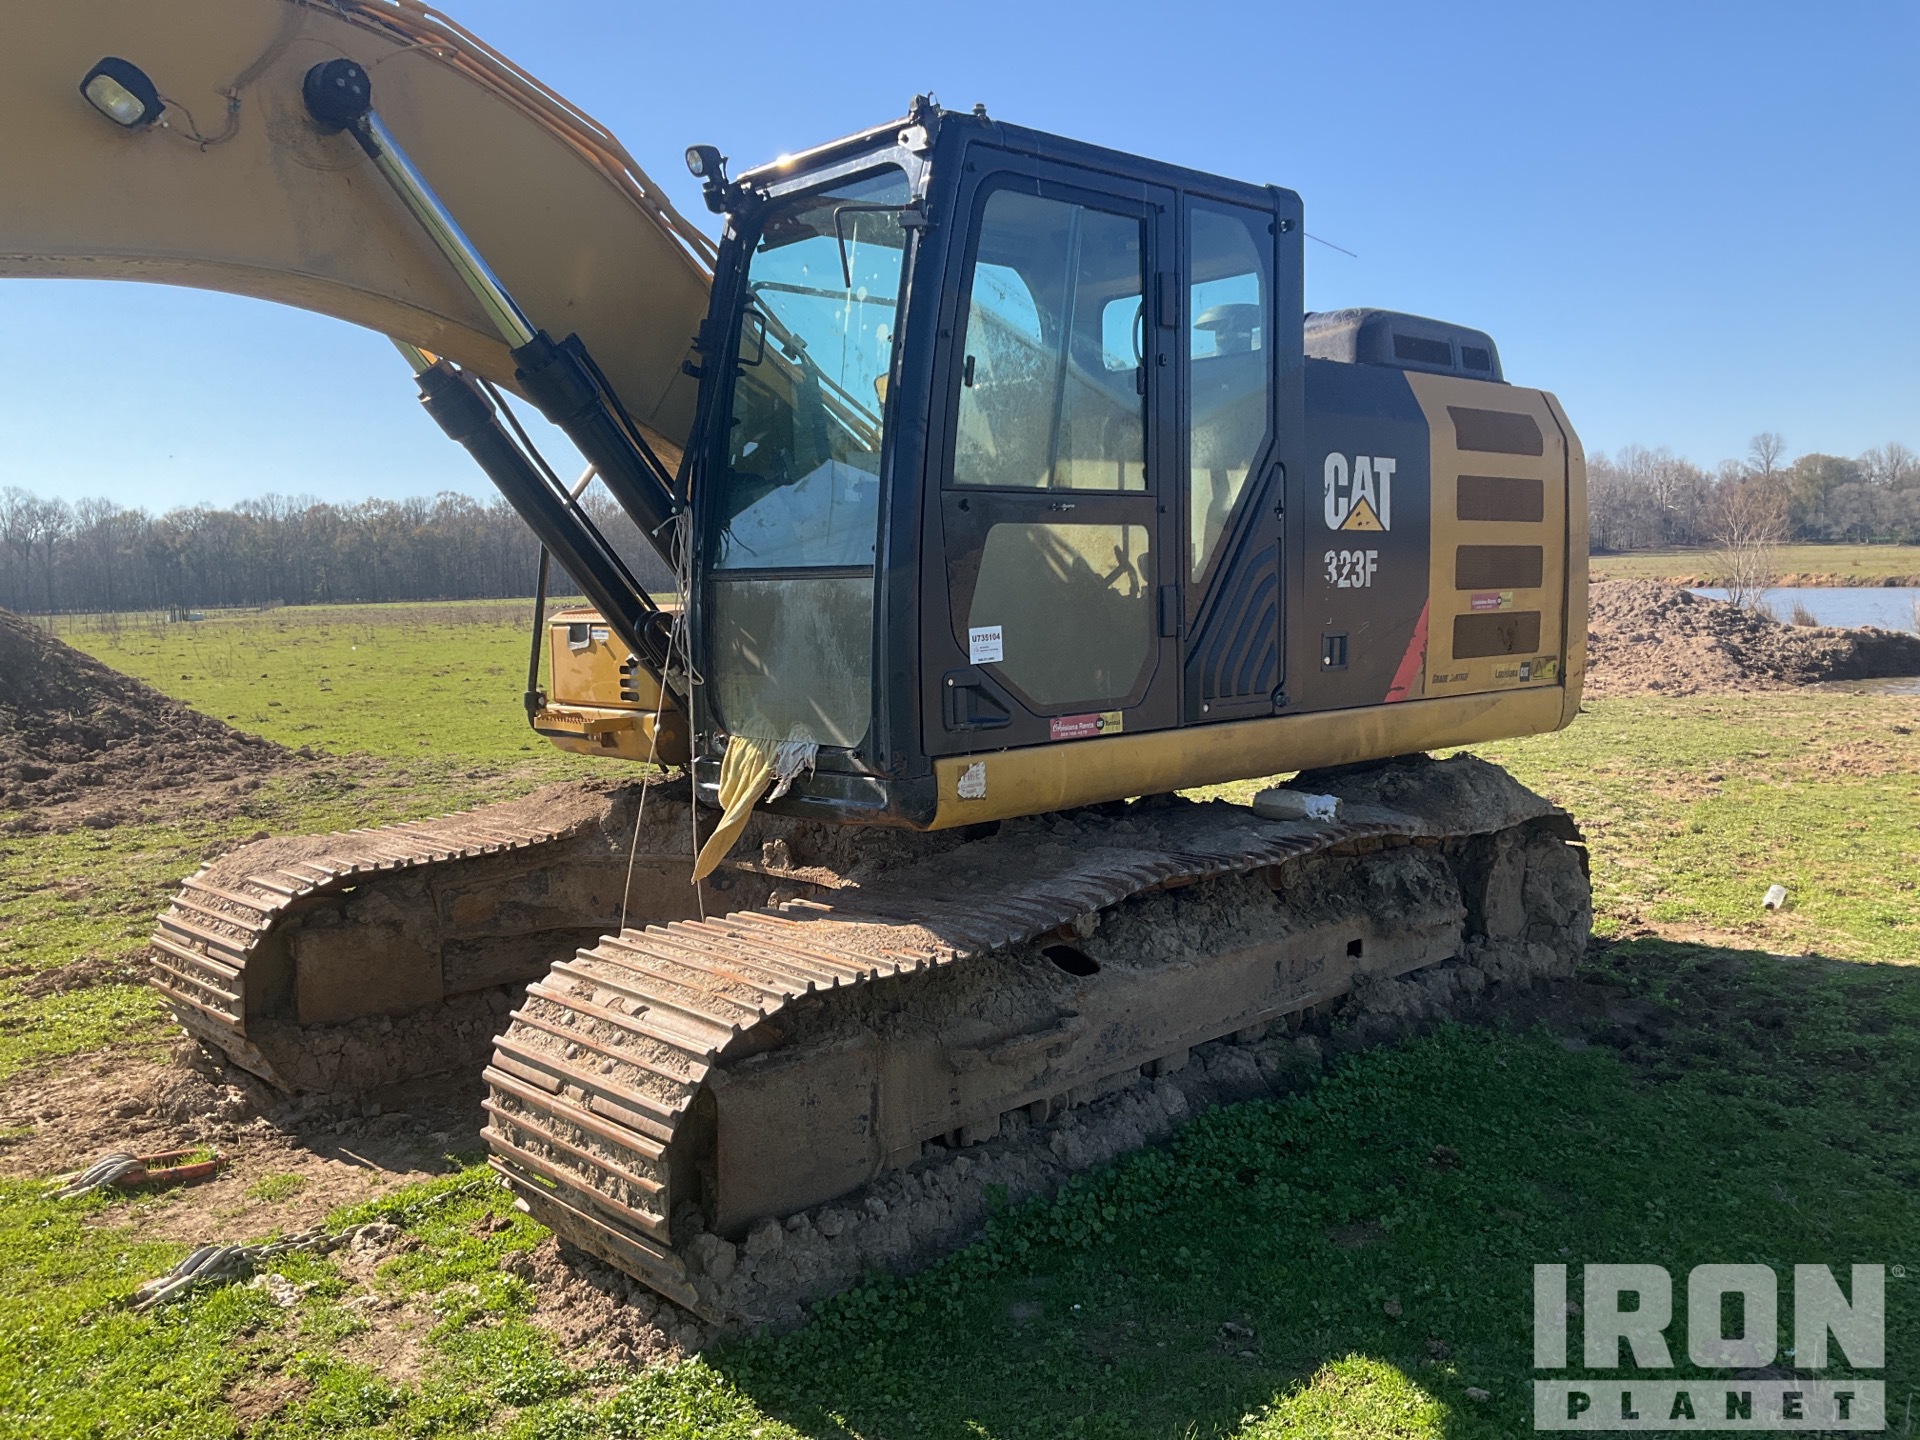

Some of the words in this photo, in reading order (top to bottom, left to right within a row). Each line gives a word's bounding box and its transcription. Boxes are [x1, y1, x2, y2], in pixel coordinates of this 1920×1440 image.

[1324, 452, 1396, 531] CAT
[1324, 550, 1378, 588] 323F
[972, 632, 1000, 642] U735104
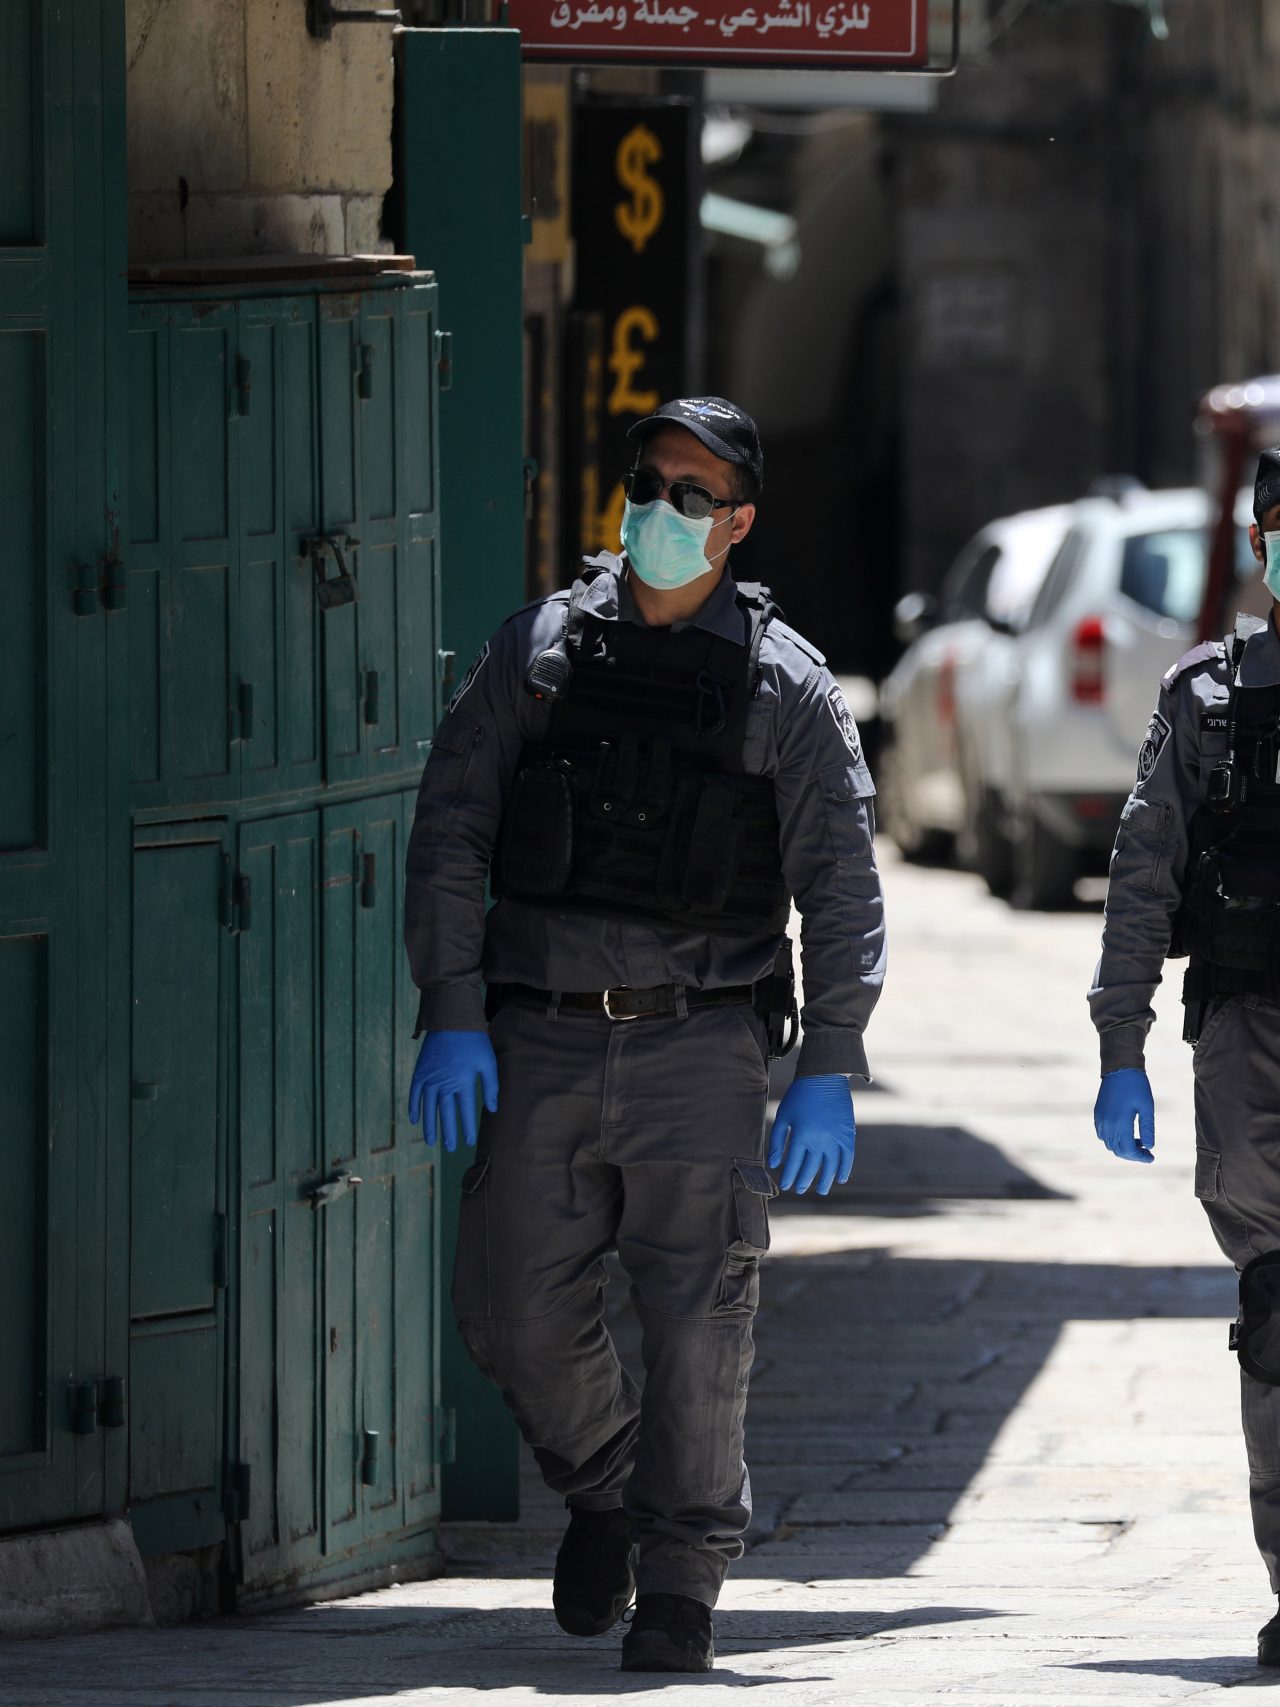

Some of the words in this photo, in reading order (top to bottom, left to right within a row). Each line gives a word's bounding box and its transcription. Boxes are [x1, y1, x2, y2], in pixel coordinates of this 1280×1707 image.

[550, 0, 626, 31] ومفرق
[633, 0, 699, 32] جملة
[721, 0, 809, 36] الشرعي
[817, 2, 870, 38] للزي
[615, 124, 664, 253] $
[609, 306, 659, 416] £

_ _ _ _ _ _ _

TASK STATEMENT » Although the records hold pictures, return only what remains, word for word.

OUTPUT BELOW »
Some of the words in this photo, in reading order (top to bottom, left to right within a row). Each line gives a word's bounding box and its transcription. Boxes are [x1, y1, x2, y2], in pixel coordinates of this 1920×1440 image.

[1324, 452, 1396, 531] CAT
[1324, 550, 1378, 588] 323F
[972, 632, 1000, 642] U735104

Some of the words in this photo, in reading order (top to bottom, left to right within a row). Each line gives a word's bounding box and its transcription. Boxes are [x1, y1, x2, y2], in pixel coordinates of this 1280×1707 image.

[550, 0, 626, 31] ومفرق
[633, 0, 699, 32] جملة
[721, 0, 809, 36] الشرعي
[817, 2, 870, 38] للزي
[615, 124, 664, 253] $
[609, 306, 659, 416] £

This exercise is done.